Les lymphatiques, les nerveux, les dyspeptiques, les rhumatisants, les affaiblis, et même les scrofuleux, et les tuberculeux pourront faire un séjour très profitable à Cambo en avril et mai, en septembre et octobre. Ces derniers pourront quelquefois prolonger leur séjour pendant tout l'hiver. Les installations ne sont pas toutes luxueuses, mais tout ce que j'ai vu est propre, et puis on fera des progrès. A mon avis, Cambo est destiné à devenir, ce qu'on appelle en Suisse et en Allemagne, une station intermédiaire, station de printemps et d'automne, comme Montreux ou Wiesbaden. C'est du moins ainsi que je comprends son rôle.

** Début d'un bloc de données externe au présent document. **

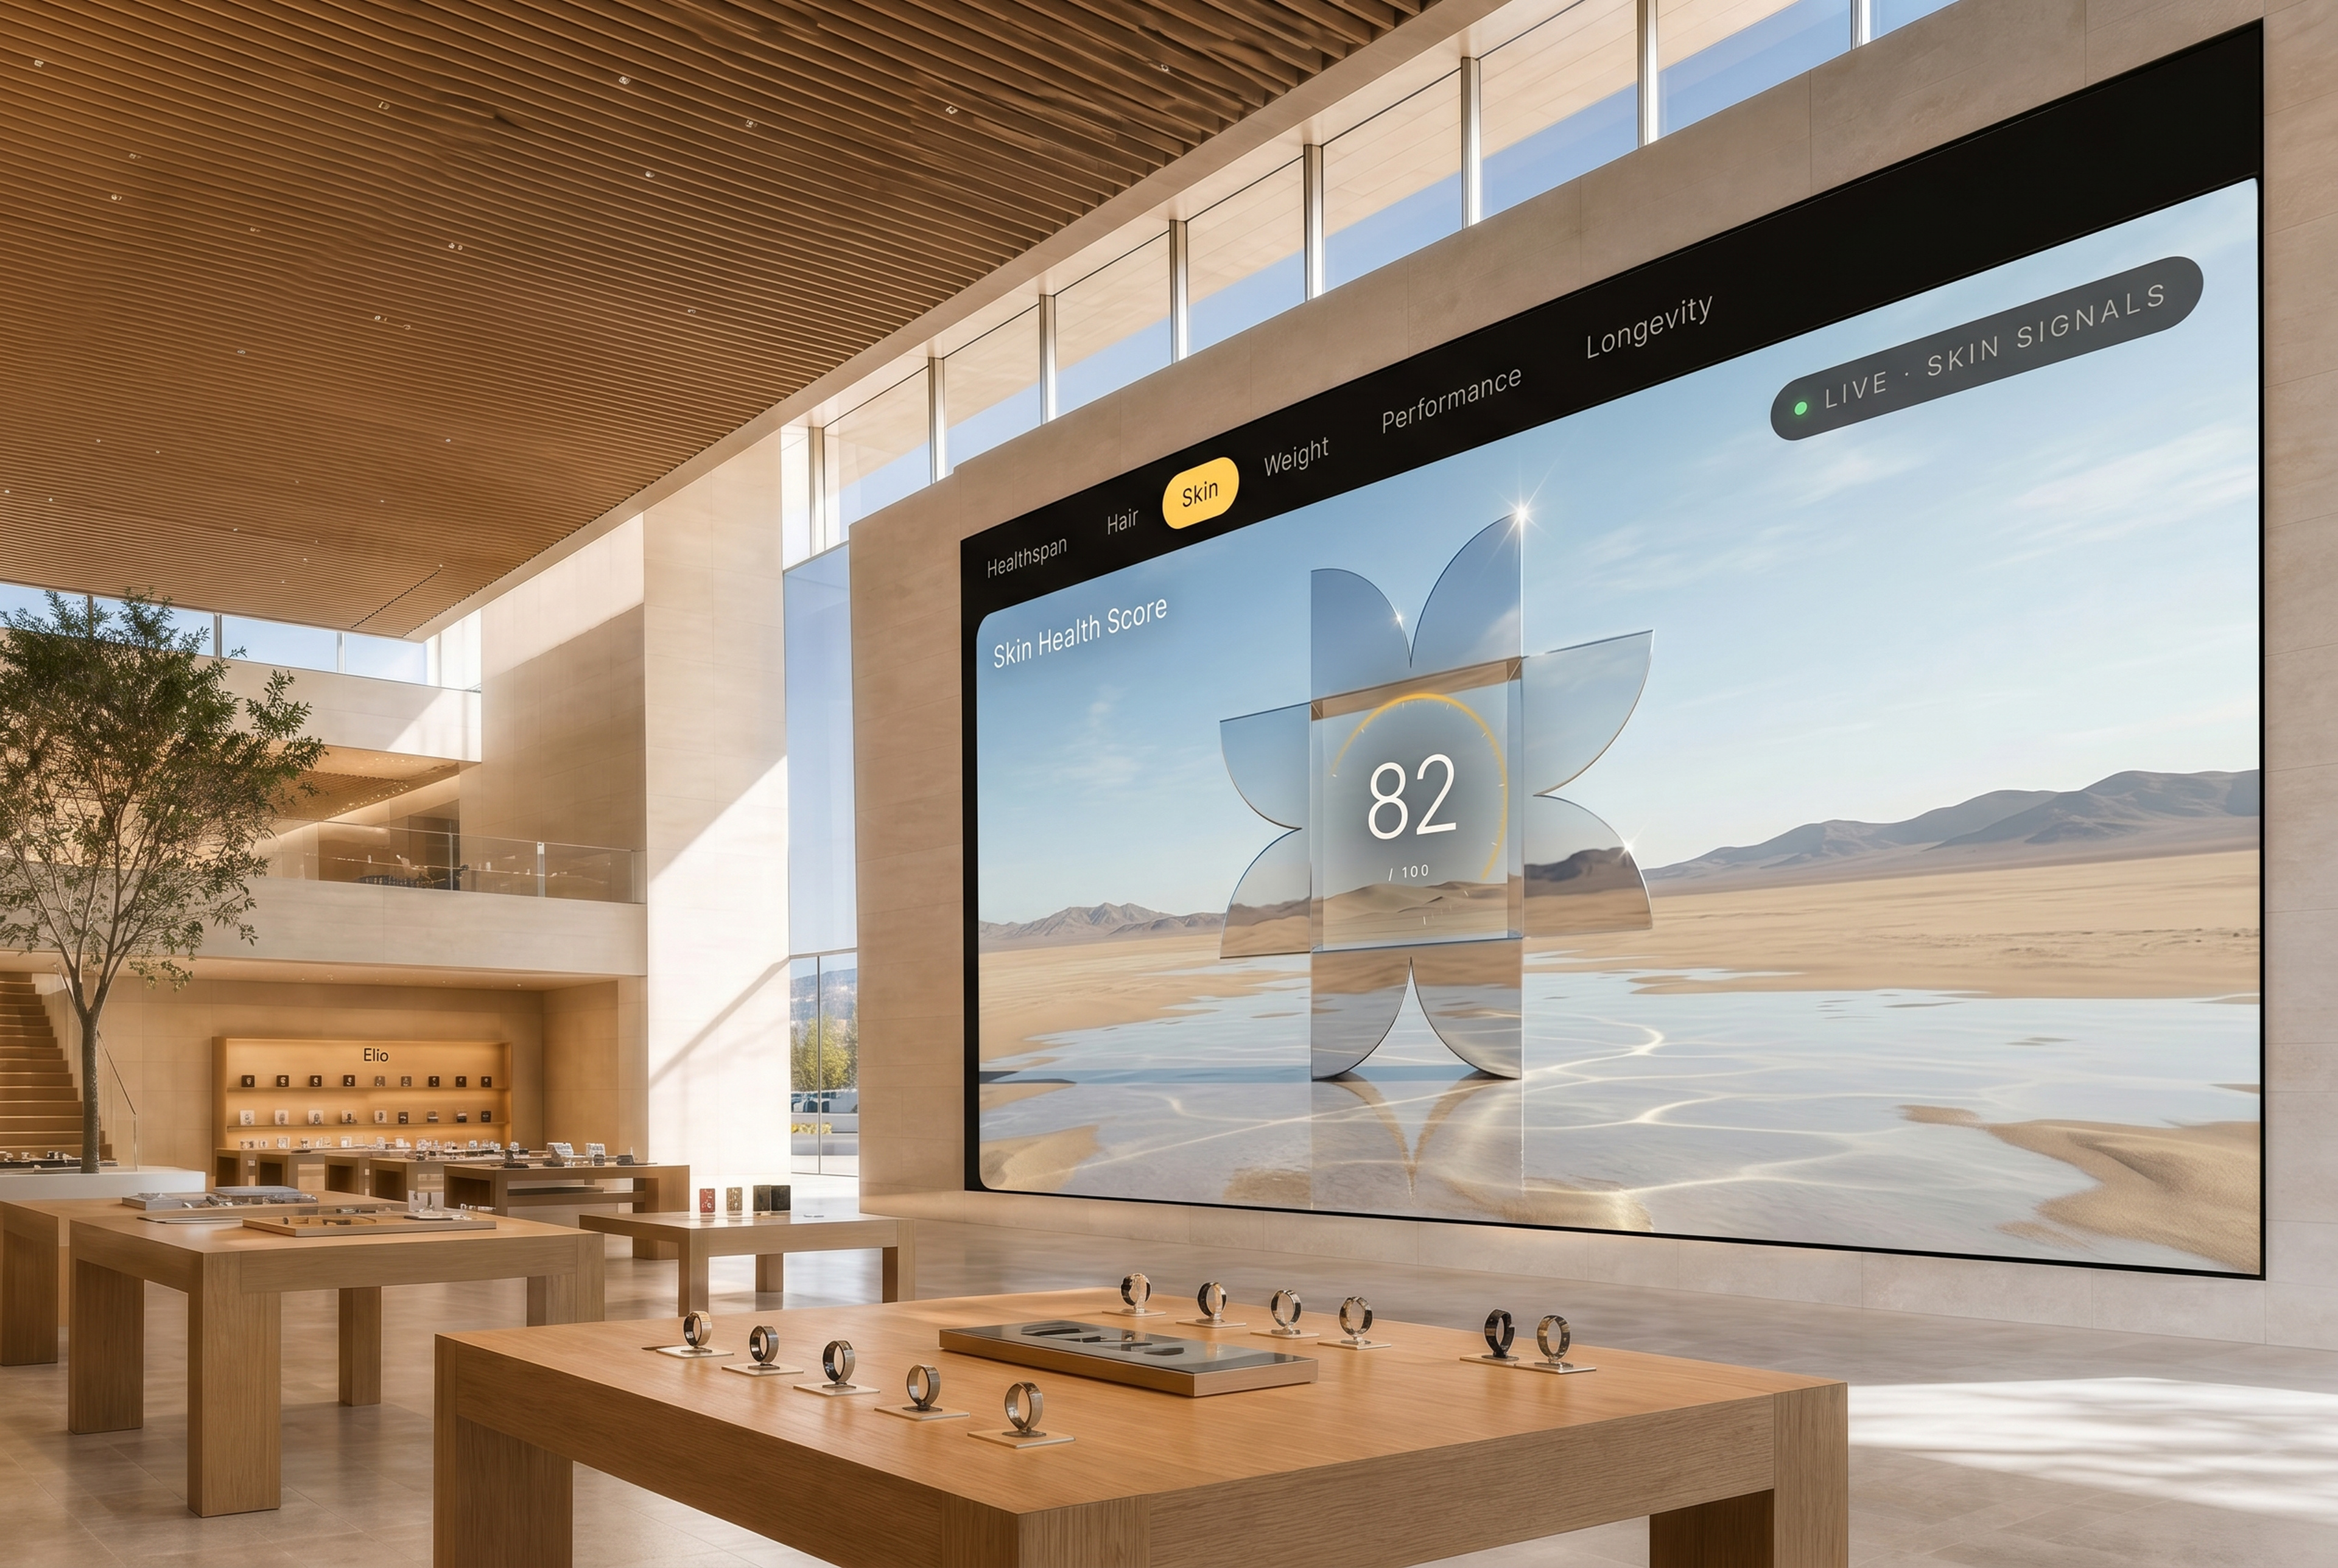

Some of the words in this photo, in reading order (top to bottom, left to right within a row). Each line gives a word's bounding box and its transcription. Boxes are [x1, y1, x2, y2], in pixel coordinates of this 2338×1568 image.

Cambo est un séjour ravissant pour les gens faibles et tranquilles qui aiment à se promener doucement sur des routes ombreuses, protégées par d'immenses platanes ou des chênes vigoureux, à s'asseoir sur de vieux troncs moussus sous de sombres châtaigneraies. Et puis, il est si agréable de se reposer sur les terrasses qui bordent les maisons du village, sous des platanes qui étalent leurs branches touffues comme un épais vélum, en laissant son regard errer sur la large et riante vallée de la Nive. La rivière coule claire et brillante, en prenant au passage l'image des arbres de la rive sur sa surface unie et lumineuse. Parfois l'onde s'écarte autour des grosses pierres noires et forme des éventails scintillants de paillettes ensoleillées. Sur un banc de galets, aux pieds du pont, les laveuses pliées sur leurs baquets frappent à coups redoublés, pendant que les masses blanches du linge lavé s'étalent en séchant à l'ombre d'un bouquet de marronniers. Les pâturages verts, rasés de frais, sont parsemés de grands champs de maïs jaunissant ; sur les hautes tiges, les larges, feuilles pendent et se balancent doucement au gré des vents ou des petits oiseaux qui viennent béqueter sous l'ombre de leurs touffes et agitent la gracieuse et légère houppe qui couronne ce doux feuillage. Au bord de l'eau, les acacias laissent secouer par la brise les petites palettes de leurs feuilles étriquées. Les poissons font des grands ronds au milieu de l'eau. Les petits moucherons semblent une poussière dorée dans les rayons du soleil. La fumée du train se fragmente en flocons cotonneux sur les hauts peupliers ou les chênes touffus.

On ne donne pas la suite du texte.